The pixel war is upon us and smartphones with high-resolution 1080p five inch displays are quickly becoming commonplace. Even second tier smartphone makers now offer these devices at rock bottom prices. The big players in the game have to differentiate themselves from the competition. There is a new six inch WQXGA mobile LCD panel being developed, with a resolution of 2560 x 1600 pixels. Incidentally, that is the same number of pixels to be found on the Google Nexus 10 inch edition, though the pixel density is down to around 300 given the larger screen.
In order to pack in that many pixels within a six inch panel, display makers have hit upon a process termed Low Temperature Poly Silicon (LTPS) that involves laser light treatment as part of the heat process. This results in very high pixel density than would have otherwise been impossible. Similarly, LG is working on developing displays that have 500 or more of pixels per inch, which they claim is within reach thanks to a process termed Advanced high performance-In plane switching or AH-IPS.
The two South Korean companies, LG and Samsung, are leading the race and both are looking to procure the 500 ppi and above displays from Japan based manufacturers, since their own production lines are engaged in meeting their own demands for 1080p panels.

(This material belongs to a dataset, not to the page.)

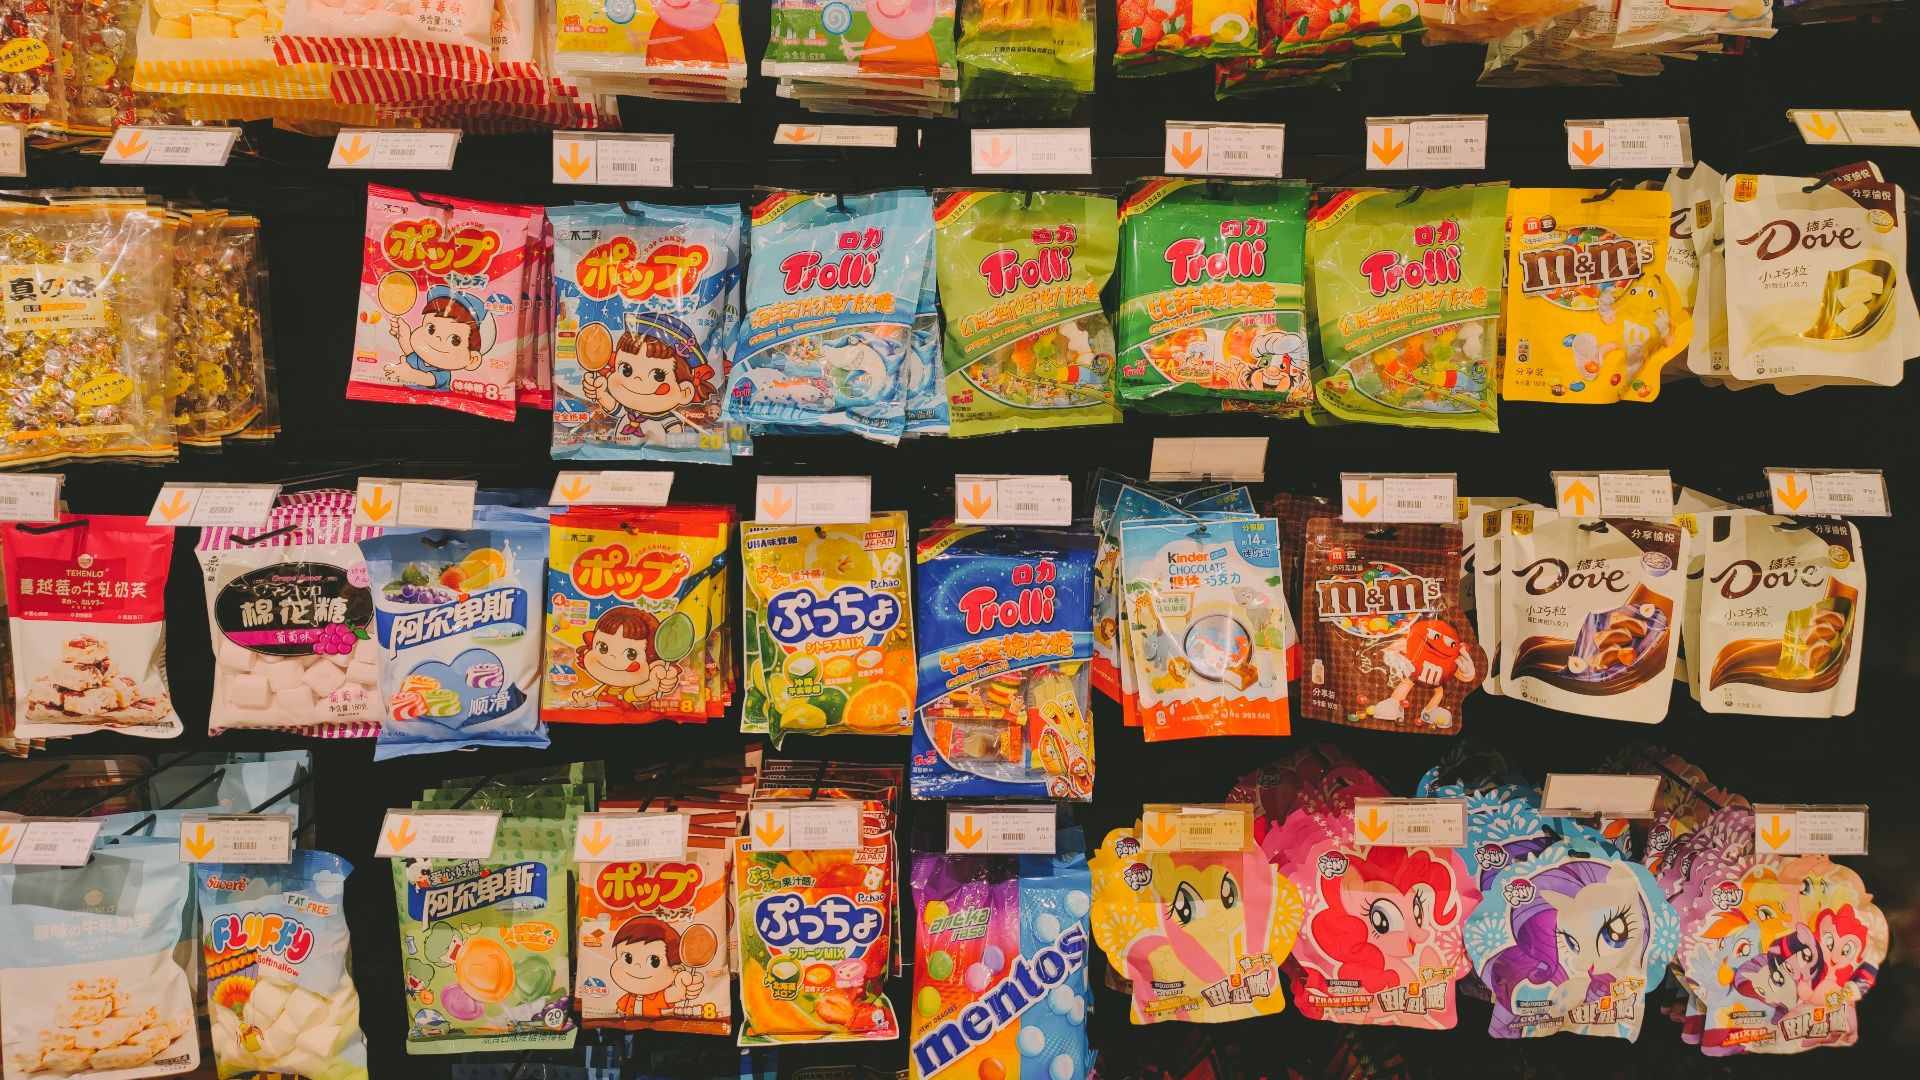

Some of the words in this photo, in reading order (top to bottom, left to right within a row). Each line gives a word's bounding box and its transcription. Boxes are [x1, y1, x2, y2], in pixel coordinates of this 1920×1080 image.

Also, with efforts already engaged to pack in an ever increasing number of pixels in smartphone displays, it is just a matter of time before we get to see the fallout in the tablet space as well. Right now, the Nexus 10 is the only tablet with the highest pixel density of 330 ppi, with the iPad 4 coming in second with a ppi of 264. For any device, however, the question remains as to how the manufacturers will ensure decent levels of battery life. A higher number of pixels translates to greater demand on the battery, while the need for the device to be slim and light means there isn’t much room here either for the manufacturers to include a bigger battery pack. The Nexus 10 is already a living proof of this, which lacks on the battery front in spite of great specs. No wonder the iPad 4 is more popular even with a lower pixel count, as it manages to deliver over 10 hours of usage on a single charge.